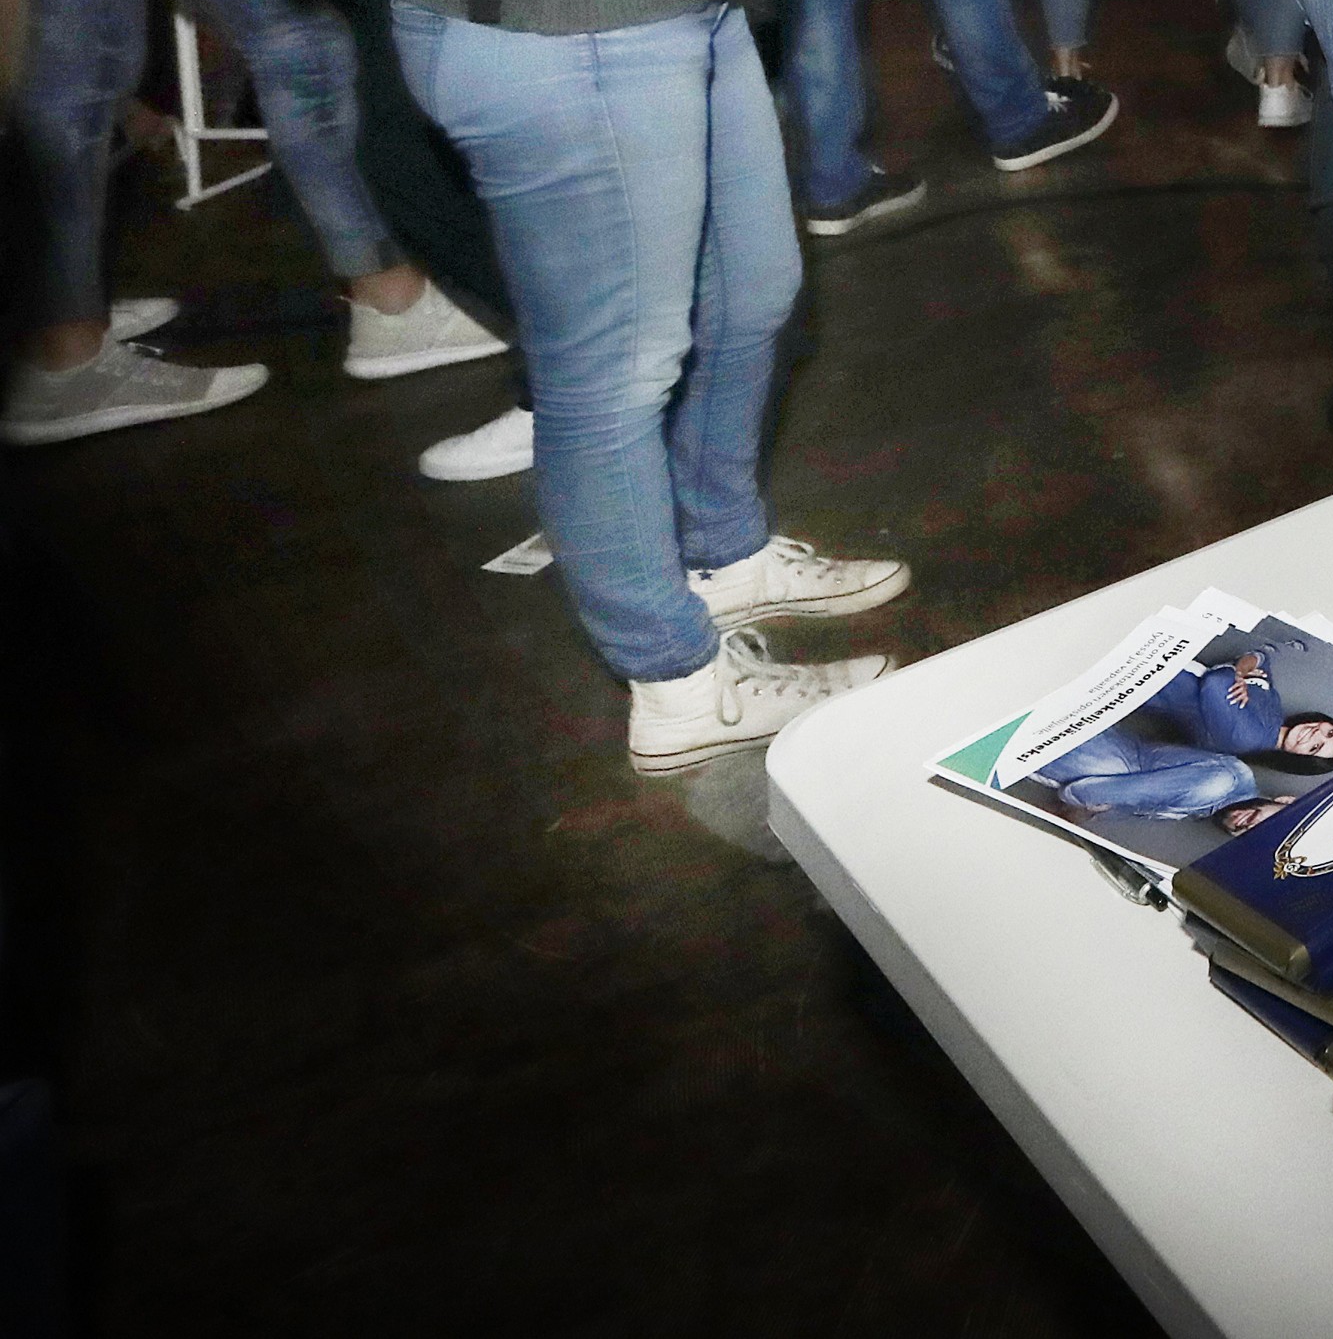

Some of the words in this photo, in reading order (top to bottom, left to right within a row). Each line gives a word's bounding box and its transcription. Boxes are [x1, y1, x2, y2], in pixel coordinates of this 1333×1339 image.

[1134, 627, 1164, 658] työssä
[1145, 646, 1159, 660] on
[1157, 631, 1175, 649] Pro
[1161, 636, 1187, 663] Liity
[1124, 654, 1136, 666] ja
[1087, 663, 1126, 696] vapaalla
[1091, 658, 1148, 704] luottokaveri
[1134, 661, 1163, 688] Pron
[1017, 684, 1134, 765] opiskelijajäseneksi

____

* [Task prompt]
Your copy should be the entries retyped exactly, with no images in it.

* [Response to the task]
Some of the words in this photo, in reading order (top to bottom, left to right within a row). Each line gives a word's bounding box and its transcription. Boxes are [x1, y1, x2, y2], in pixel coordinates of this 1333×1339 image.

[1134, 627, 1164, 658] työssä
[1145, 646, 1159, 660] on
[1157, 631, 1175, 649] Pro
[1161, 636, 1187, 663] Liity
[1124, 654, 1136, 666] ja
[1087, 663, 1126, 696] vapaalla
[1091, 658, 1148, 704] luottokaveri
[1134, 661, 1163, 688] Pron
[1017, 684, 1134, 765] opiskelijajäseneksi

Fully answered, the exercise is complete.